Image-backed grounding data:

-=-=-=-=-

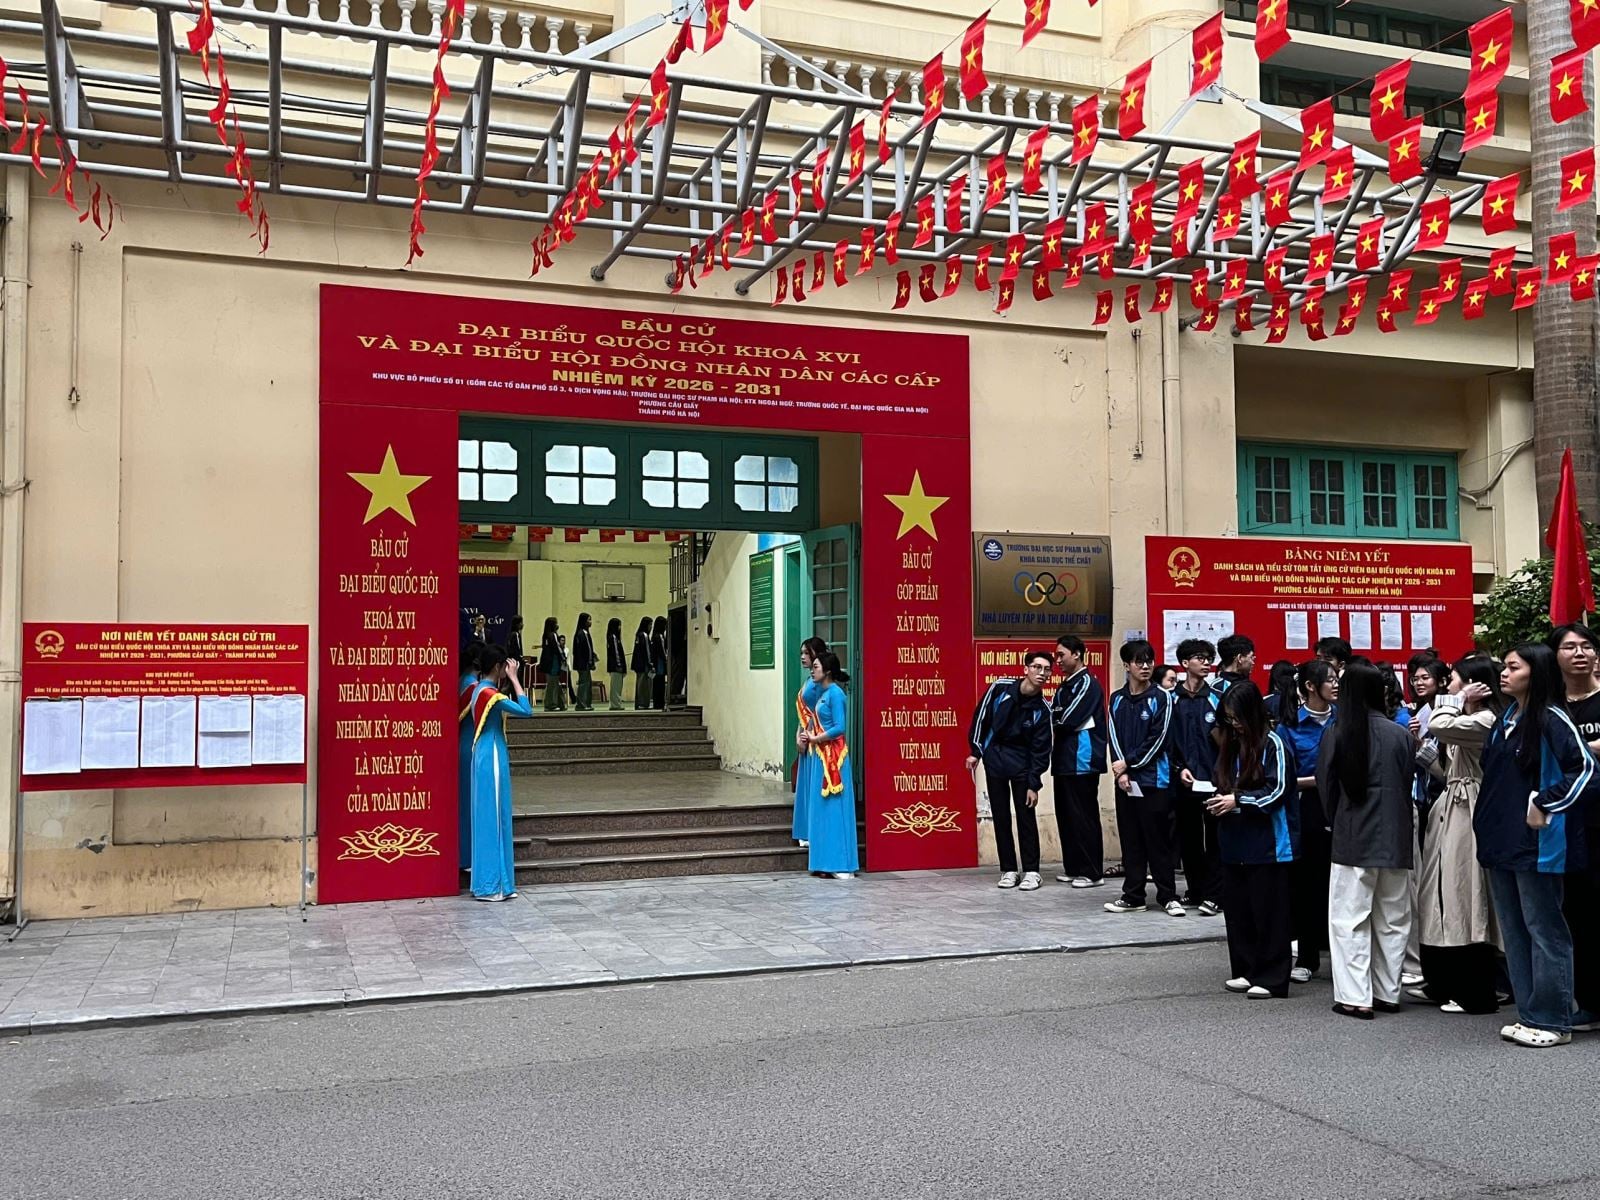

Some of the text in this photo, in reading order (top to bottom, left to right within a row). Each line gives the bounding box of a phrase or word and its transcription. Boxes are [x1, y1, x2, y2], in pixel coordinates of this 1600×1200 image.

[622, 318, 716, 336] BẦU CỬ
[458, 323, 860, 364] ĐẠI BIỂU QUỐC HỘI KHOÁ XVI
[357, 335, 940, 386] VÀ ĐẠI BIỂU HỘI ĐỒNG NHÂN DÂN CÁC CẤP
[552, 370, 781, 396] NHIỆM KỲ 2026 2031
[371, 529, 408, 558] BẦU CỬ
[1285, 547, 1390, 562] BẢNG NIÊM YẾT
[903, 544, 932, 569] BẦU CỬ
[1235, 562, 1254, 571] SÁCH
[1255, 563, 1264, 571] VÀ
[1266, 562, 1281, 571] TIỂU
[1283, 563, 1292, 572] SỬ
[1294, 563, 1308, 572] TÓM
[1310, 563, 1321, 572] TẮT
[1323, 564, 1337, 573] ỨNG
[1339, 564, 1348, 573] CỬ
[1350, 565, 1364, 574] VIÊN
[1366, 566, 1377, 574] ĐẠI
[1379, 565, 1394, 574] BIỂU
[1395, 566, 1412, 575] QUỐC
[1414, 566, 1425, 576] HỘI
[1426, 567, 1444, 575] KHÓA
[340, 562, 439, 598] ĐẠI BIỂU QUỐC HỘI
[897, 578, 914, 600] GÓP
[1230, 574, 1239, 582] VÀ
[1241, 574, 1253, 583] ĐẠI
[1254, 573, 1270, 582] BIỂU
[1272, 574, 1284, 583] HỘI
[1285, 574, 1304, 583] ĐỒNG
[1306, 575, 1325, 583] NHÂN
[1326, 575, 1340, 583] DÂN
[1342, 576, 1356, 584] CÁC
[1357, 576, 1370, 584] CẤP
[1274, 585, 1402, 596] PHƯỜNG CẦU GIẤY THÀNH PHỐ HÀ NỘI
[364, 605, 415, 630] KHOÁ XVI
[896, 611, 939, 636] XÂY DỰNG
[101, 630, 276, 641] NƠI NIÊM YẾT DANH SÁCH CỬ TRI
[330, 635, 448, 670] VÀ ĐẠI BIỂU HỘI ĐỒNG
[897, 642, 939, 664] NHÀ NƯỚC
[981, 649, 1102, 665] NƠI NIÊM TRI
[339, 674, 440, 702] NHÂN DÂN CÁC CẤP
[892, 670, 945, 696] PHÁP QUYỀN
[336, 714, 442, 743] NHIỆM KỲ 2026 2031
[881, 704, 957, 731] XÃ HỘI CHỦ NGHĨA
[900, 738, 940, 762] VIỆT NAM
[355, 750, 423, 779] LÀ NGÀY HỘI
[894, 770, 917, 792] VỮNG
[348, 784, 369, 813] CỦA
[371, 786, 400, 812] TOÀN
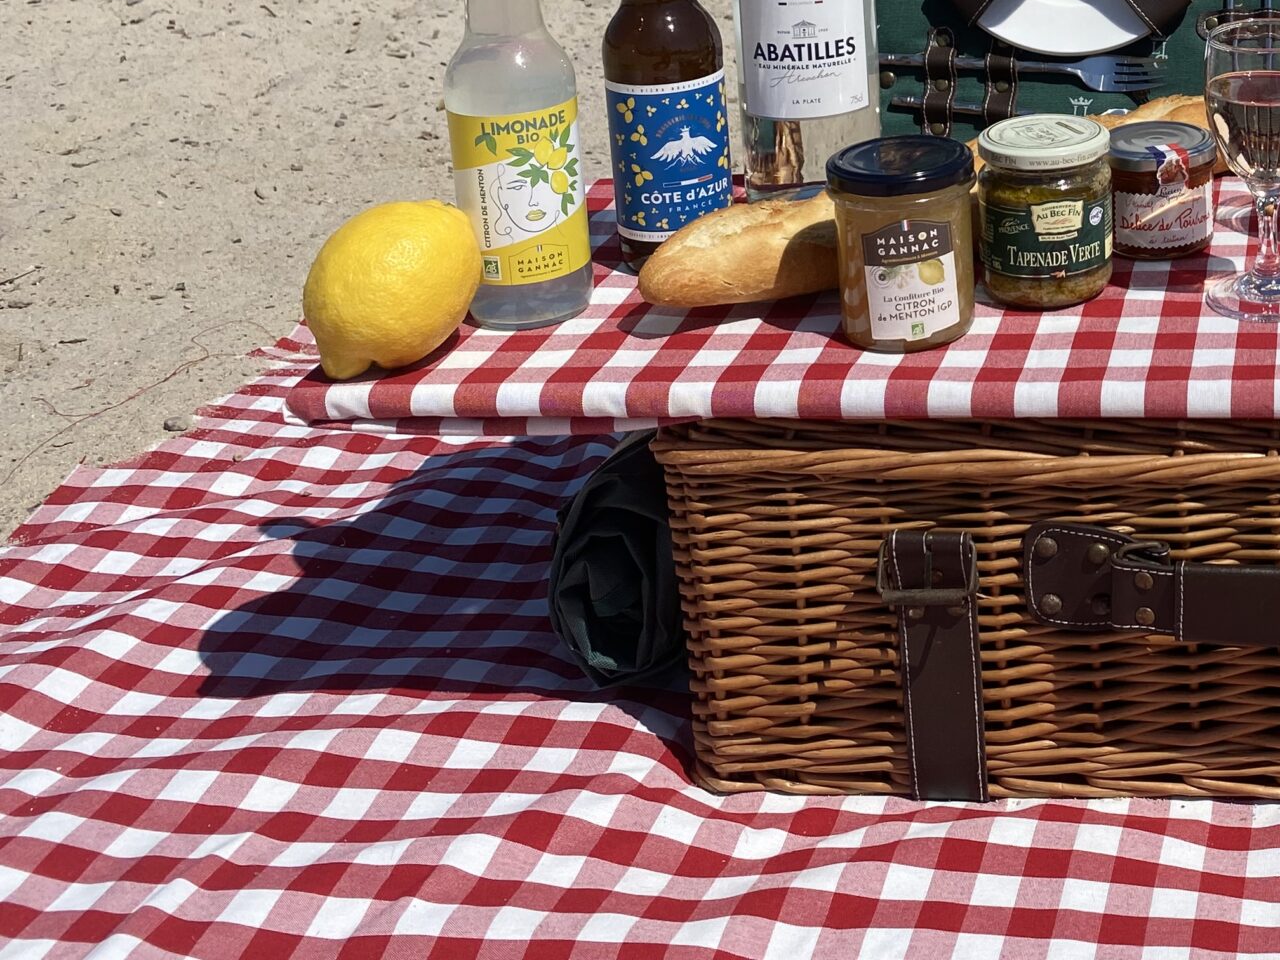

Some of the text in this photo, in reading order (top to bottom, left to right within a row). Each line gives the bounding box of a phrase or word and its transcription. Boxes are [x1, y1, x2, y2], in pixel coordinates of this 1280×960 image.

-=-=-=-=-

**Work instruction:** Leave out the pictures and print each record exactly as it stands.

**Response to the task:**
Some of the text in this photo, in reading order (top to bottom, left to right within a row). Each line gives the bounding box of a phrase or word and its transcription. Boxes are [x1, y1, x2, y2], in pixel coordinates of this 1600×1200 image.

[622, 318, 716, 336] BẦU CỬ
[458, 323, 860, 364] ĐẠI BIỂU QUỐC HỘI KHOÁ XVI
[357, 335, 940, 386] VÀ ĐẠI BIỂU HỘI ĐỒNG NHÂN DÂN CÁC CẤP
[552, 370, 781, 396] NHIỆM KỲ 2026 2031
[371, 529, 408, 558] BẦU CỬ
[1285, 547, 1390, 562] BẢNG NIÊM YẾT
[903, 544, 932, 569] BẦU CỬ
[1235, 562, 1254, 571] SÁCH
[1255, 563, 1264, 571] VÀ
[1266, 562, 1281, 571] TIỂU
[1283, 563, 1292, 572] SỬ
[1294, 563, 1308, 572] TÓM
[1310, 563, 1321, 572] TẮT
[1323, 564, 1337, 573] ỨNG
[1339, 564, 1348, 573] CỬ
[1350, 565, 1364, 574] VIÊN
[1366, 566, 1377, 574] ĐẠI
[1379, 565, 1394, 574] BIỂU
[1395, 566, 1412, 575] QUỐC
[1414, 566, 1425, 576] HỘI
[1426, 567, 1444, 575] KHÓA
[340, 562, 439, 598] ĐẠI BIỂU QUỐC HỘI
[897, 578, 914, 600] GÓP
[1230, 574, 1239, 582] VÀ
[1241, 574, 1253, 583] ĐẠI
[1254, 573, 1270, 582] BIỂU
[1272, 574, 1284, 583] HỘI
[1285, 574, 1304, 583] ĐỒNG
[1306, 575, 1325, 583] NHÂN
[1326, 575, 1340, 583] DÂN
[1342, 576, 1356, 584] CÁC
[1357, 576, 1370, 584] CẤP
[1274, 585, 1402, 596] PHƯỜNG CẦU GIẤY THÀNH PHỐ HÀ NỘI
[364, 605, 415, 630] KHOÁ XVI
[896, 611, 939, 636] XÂY DỰNG
[101, 630, 276, 641] NƠI NIÊM YẾT DANH SÁCH CỬ TRI
[330, 635, 448, 670] VÀ ĐẠI BIỂU HỘI ĐỒNG
[897, 642, 939, 664] NHÀ NƯỚC
[981, 649, 1102, 665] NƠI NIÊM TRI
[339, 674, 440, 702] NHÂN DÂN CÁC CẤP
[892, 670, 945, 696] PHÁP QUYỀN
[336, 714, 442, 743] NHIỆM KỲ 2026 2031
[881, 704, 957, 731] XÃ HỘI CHỦ NGHĨA
[900, 738, 940, 762] VIỆT NAM
[355, 750, 423, 779] LÀ NGÀY HỘI
[894, 770, 917, 792] VỮNG
[348, 784, 369, 813] CỦA
[371, 786, 400, 812] TOÀN

Some of the text in this photo, in reading order (top to bottom, left to right within a row). Each line gives the bounding box of a phrase or word and its transcription. Boxes are [x1, y1, x2, y2], in pixel coordinates of this 1280×960 image.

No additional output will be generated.